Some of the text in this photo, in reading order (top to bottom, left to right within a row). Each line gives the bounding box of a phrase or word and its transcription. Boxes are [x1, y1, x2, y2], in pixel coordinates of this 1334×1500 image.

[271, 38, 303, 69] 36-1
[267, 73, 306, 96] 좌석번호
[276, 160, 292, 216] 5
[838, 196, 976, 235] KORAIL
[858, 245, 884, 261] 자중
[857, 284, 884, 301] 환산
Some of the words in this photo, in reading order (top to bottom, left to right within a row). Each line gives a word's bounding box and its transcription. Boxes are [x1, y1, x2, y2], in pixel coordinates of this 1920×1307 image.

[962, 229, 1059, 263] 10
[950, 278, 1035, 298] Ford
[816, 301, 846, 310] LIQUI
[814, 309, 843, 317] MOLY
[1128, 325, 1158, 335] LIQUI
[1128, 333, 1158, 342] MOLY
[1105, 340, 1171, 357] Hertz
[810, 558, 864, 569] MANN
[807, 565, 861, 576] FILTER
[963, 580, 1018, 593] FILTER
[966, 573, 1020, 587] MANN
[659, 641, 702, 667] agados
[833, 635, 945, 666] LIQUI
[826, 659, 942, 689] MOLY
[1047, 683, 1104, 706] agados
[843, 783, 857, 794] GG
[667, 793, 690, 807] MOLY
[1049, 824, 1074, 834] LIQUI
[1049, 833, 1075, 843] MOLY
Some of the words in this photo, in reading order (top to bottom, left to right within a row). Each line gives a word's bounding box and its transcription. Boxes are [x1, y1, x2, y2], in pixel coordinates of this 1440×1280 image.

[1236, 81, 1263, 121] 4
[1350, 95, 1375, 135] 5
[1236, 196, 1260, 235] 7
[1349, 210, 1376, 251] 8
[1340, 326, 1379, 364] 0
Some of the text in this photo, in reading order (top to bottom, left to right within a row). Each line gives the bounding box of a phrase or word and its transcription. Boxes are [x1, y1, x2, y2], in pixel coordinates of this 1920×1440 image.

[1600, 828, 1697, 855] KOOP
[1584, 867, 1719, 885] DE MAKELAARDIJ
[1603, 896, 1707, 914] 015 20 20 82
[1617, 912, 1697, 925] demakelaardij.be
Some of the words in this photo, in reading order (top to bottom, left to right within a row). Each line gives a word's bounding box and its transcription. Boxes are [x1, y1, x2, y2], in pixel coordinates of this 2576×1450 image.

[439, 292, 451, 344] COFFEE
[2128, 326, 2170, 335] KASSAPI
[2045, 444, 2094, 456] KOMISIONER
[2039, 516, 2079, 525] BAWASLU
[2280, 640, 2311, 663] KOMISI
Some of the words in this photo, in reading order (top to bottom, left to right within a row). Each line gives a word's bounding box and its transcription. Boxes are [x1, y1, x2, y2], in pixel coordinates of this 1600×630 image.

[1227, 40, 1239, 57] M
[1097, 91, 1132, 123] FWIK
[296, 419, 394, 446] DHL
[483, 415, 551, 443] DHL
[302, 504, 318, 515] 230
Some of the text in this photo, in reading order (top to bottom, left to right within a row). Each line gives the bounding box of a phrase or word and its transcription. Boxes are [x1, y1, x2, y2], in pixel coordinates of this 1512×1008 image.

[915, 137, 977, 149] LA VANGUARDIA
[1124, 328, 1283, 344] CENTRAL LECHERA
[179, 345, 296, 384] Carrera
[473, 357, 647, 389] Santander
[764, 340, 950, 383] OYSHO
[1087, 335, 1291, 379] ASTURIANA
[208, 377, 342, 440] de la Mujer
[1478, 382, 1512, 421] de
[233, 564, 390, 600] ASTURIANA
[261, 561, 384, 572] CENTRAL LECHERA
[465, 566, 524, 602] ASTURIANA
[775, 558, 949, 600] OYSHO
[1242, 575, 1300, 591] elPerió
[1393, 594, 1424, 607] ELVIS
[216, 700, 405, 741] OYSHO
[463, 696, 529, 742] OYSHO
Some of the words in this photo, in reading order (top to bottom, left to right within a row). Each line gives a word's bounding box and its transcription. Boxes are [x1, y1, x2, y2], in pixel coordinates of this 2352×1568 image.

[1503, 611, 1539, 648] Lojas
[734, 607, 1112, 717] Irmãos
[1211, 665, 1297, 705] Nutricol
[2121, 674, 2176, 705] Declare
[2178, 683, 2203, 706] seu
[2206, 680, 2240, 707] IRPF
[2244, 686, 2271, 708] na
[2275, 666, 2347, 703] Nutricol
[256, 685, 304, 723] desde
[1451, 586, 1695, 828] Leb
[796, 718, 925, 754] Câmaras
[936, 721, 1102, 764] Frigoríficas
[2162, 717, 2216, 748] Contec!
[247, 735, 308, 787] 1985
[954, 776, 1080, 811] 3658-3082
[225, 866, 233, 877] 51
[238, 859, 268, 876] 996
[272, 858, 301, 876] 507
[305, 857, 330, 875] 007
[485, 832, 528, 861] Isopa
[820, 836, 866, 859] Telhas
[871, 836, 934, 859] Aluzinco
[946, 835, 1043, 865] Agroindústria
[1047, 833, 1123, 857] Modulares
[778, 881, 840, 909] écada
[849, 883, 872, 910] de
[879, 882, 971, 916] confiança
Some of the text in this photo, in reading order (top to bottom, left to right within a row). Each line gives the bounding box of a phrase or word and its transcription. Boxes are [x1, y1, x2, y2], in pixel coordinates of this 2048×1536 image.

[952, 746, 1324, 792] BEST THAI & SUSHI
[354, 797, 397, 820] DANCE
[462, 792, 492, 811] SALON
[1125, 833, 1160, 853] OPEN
• • • • • • •
TASK ITEM: Only the lines from the one containing "this 2048×1536 image." through the final line of the records above should be printed, exactly as they stand.

THE ANSWER:
Some of the text in this photo, in reading order (top to bottom, left to right within a row). Each line gives the bounding box of a phrase or word and its transcription. Boxes are [x1, y1, x2, y2], in pixel coordinates of this 2048×1536 image.

[952, 746, 1324, 792] BEST THAI & SUSHI
[354, 797, 397, 820] DANCE
[462, 792, 492, 811] SALON
[1125, 833, 1160, 853] OPEN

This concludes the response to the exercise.